Even with their strong relationship with Chip, NBC needed to be competitive on rate to secure the Hart Building project. “We knew that with the size of this project, a ½% could make a big difference,” said Toni Nance, vice president of NBC Oklahoma. They had heard about Community Development Program advances from FHLBank Topeka and decided to find out if Chip’s project would qualify.“Although I know we could have kept our relationship with Chip, we couldn’t have secured this particular project had it not been for FHLBank. The CDP was the perfect fit,” said Toni.
Thanks to the affordable funding, Chip completely refurbished the inside of the building while keeping the art deco charm outside. The Hart Building is home to his company as well as a small café and KOSU, the National Public Radio station for Oklahoma State University. Chip’s projects have led the way in the Film Row neighborhood spurring economic growth and bringing some of that movie magic back to Oklahoma City.
Commons on Classen
Affordable Housing Program Grant | Oklahoma City, Oklahoma
“People want to be there.” That’s the explanation Roland Chupik, executive director of Neighborhood Housing Services in Oklahoma City, gives for why Commons on Classen is completely occupied. The project opened its doors July 1, 2017, and was completely occupied by November.
Downtown Oklahoma City hadn’t seen a new affordable housing development in decades. Commons on Classen gives seniors access to midtown stores and restaurants within walking distance. In the not-so-distant future, it will be only half a block away from the new trolley system.

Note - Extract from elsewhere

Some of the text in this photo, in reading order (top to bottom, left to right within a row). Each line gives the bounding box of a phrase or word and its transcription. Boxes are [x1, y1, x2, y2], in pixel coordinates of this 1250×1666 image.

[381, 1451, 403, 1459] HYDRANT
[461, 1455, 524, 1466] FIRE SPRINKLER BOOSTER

A convenient location isn’t the only thing Commons on Classen has going for it. The Urban Land Institute of Oklahoma named the project a finalist in its Annual Impact Awards in the small-scale development category. The awards honor projects that represent the best practices in land use and development.
Another aspect of Commons on Classen that Roland is proud of is its diversity. “Our residents represent a wide range of ethnicities, marital statuses and backgrounds. It’s a cool community and one I like to stop by and hang out in,” he said.
To make Commons on Classen a reality, NHS worked with BOK Financial, to apply for an Affordable Housing Program grant. They were awarded a $750,000 AHP grant in 2014. “BOK Financial is very proud to have sponsored the AHP grant which assisted in making Commons on Classen possible,” said Lisa Albers, SVP. “It is very satisfying and rewarding when many parties come together to provide much needed affordable senior housing.”